▶ _Work to be completed_: Which lines in the records below mention the word "words"? Copy each one out.
━━━ Data for analysis ━━━
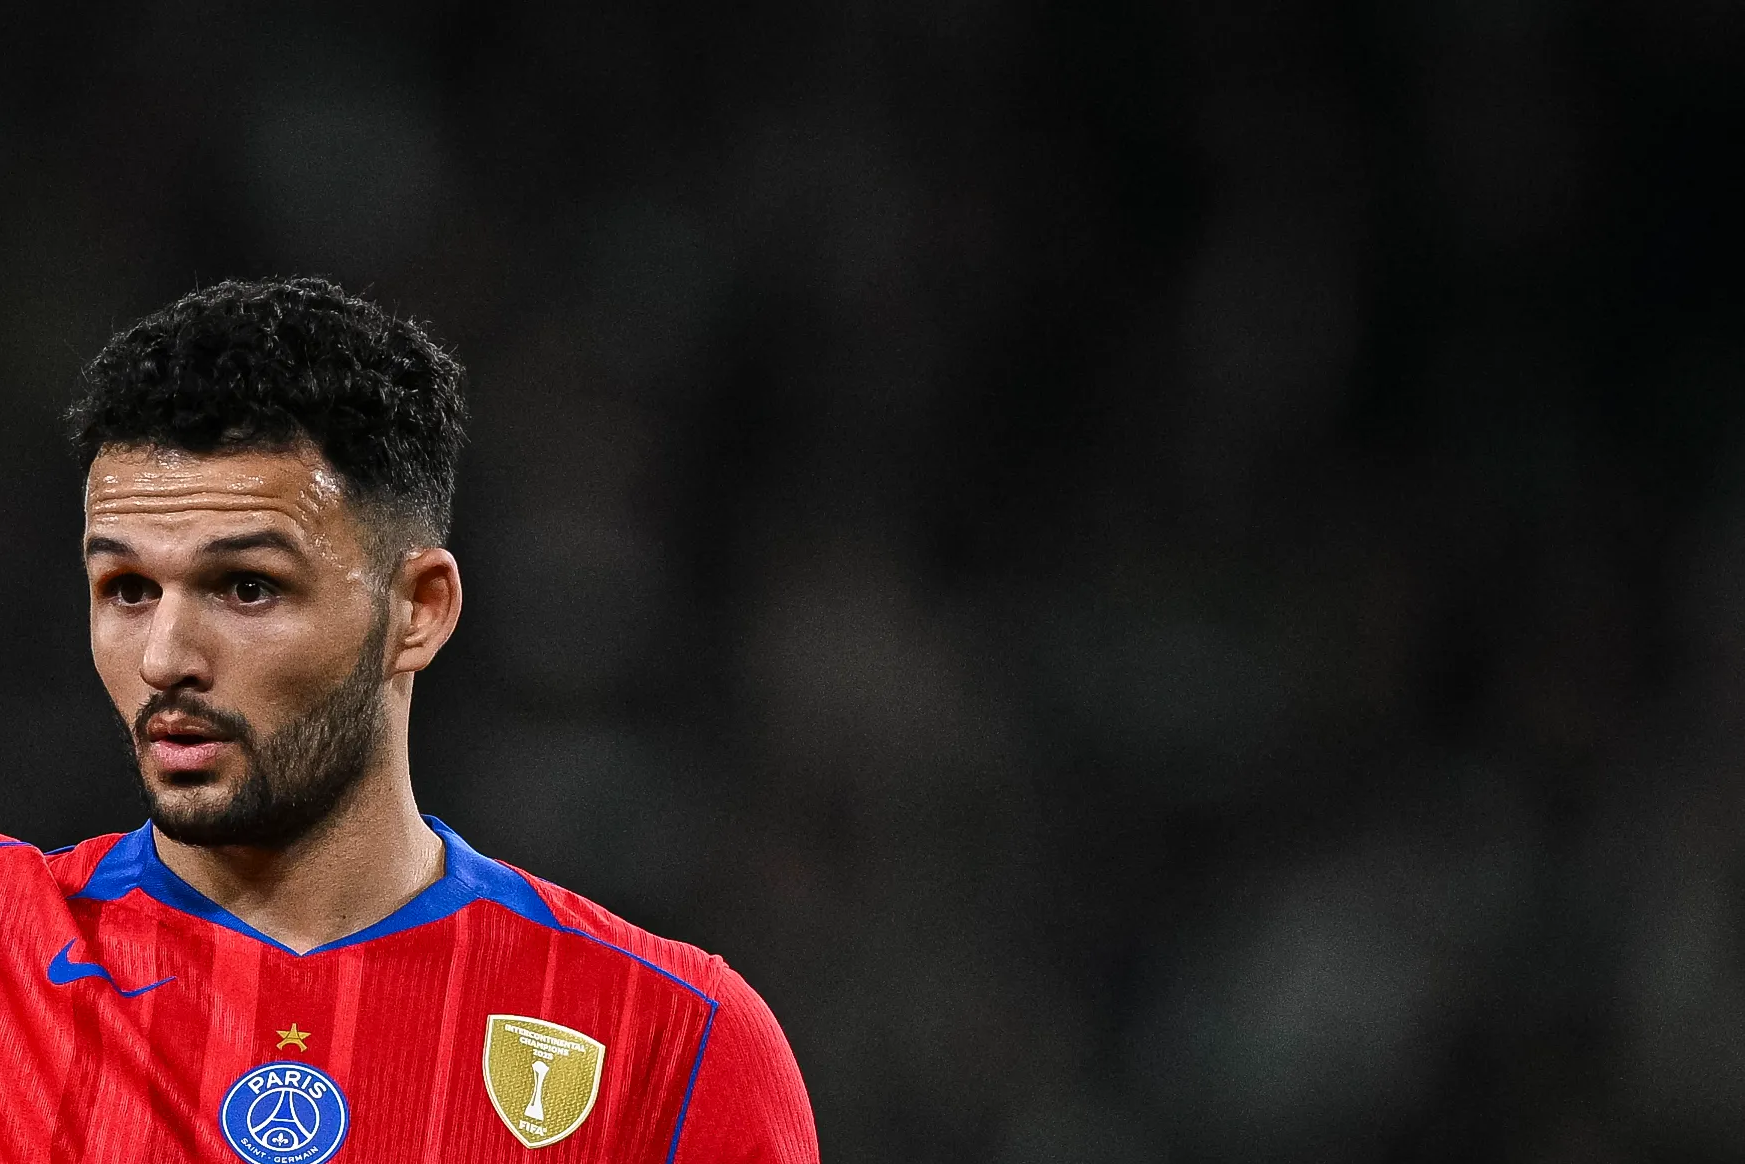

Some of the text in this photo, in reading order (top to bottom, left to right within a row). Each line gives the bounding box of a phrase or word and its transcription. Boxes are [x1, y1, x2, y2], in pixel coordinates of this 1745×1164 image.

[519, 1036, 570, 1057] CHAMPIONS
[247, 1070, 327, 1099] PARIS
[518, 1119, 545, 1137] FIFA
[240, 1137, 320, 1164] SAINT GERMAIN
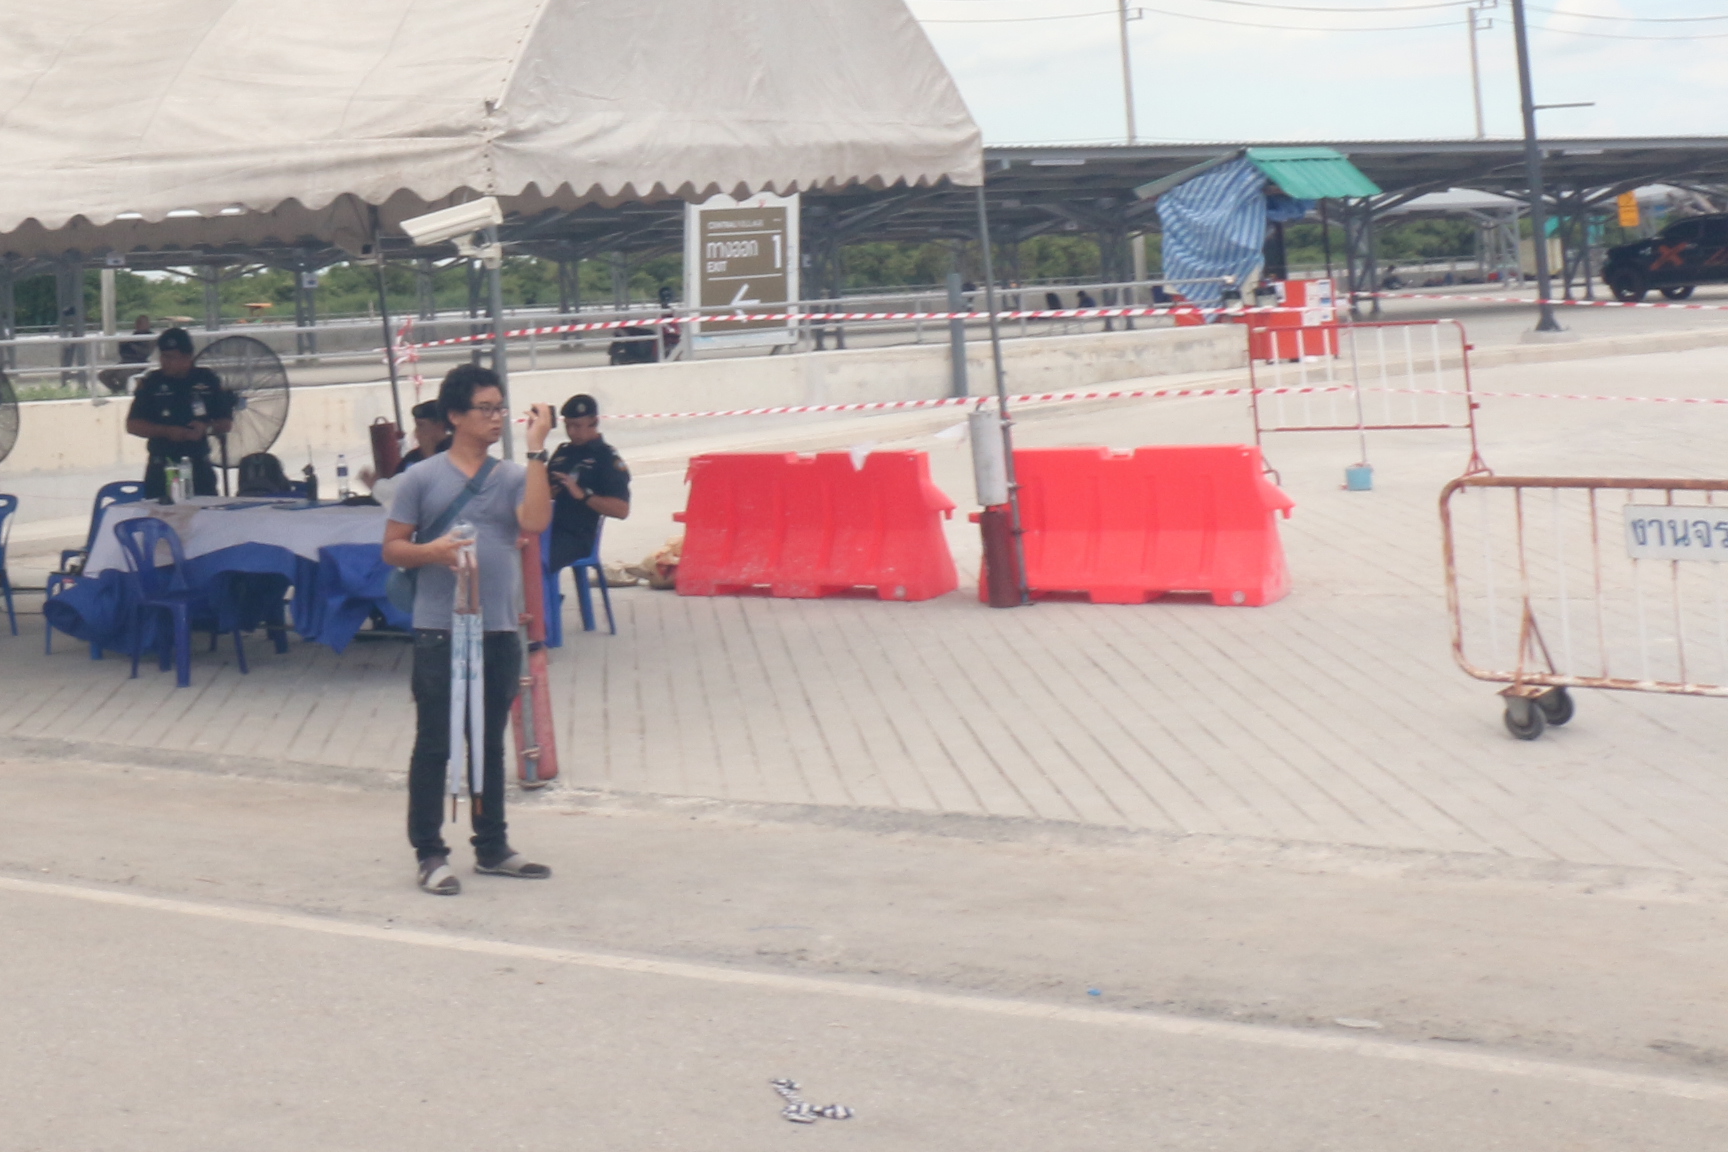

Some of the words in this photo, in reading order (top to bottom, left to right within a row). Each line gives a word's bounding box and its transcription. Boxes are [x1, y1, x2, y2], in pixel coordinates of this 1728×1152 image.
━━━
━━━ Data for analysis ━━━
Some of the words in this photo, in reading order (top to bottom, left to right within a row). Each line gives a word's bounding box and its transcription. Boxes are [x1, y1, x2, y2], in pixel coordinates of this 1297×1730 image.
━━━
▶ _Solution to the exercise_:
Some of the words in this photo, in reading order (top to bottom, left to right within a row). Each line gives a word's bounding box and its transcription. Boxes are [x1, y1, x2, y2], in pixel coordinates of this 1728×1152 image.
Some of the words in this photo, in reading order (top to bottom, left to right within a row). Each line gives a word's bounding box and its transcription. Boxes are [x1, y1, x2, y2], in pixel coordinates of this 1297×1730 image.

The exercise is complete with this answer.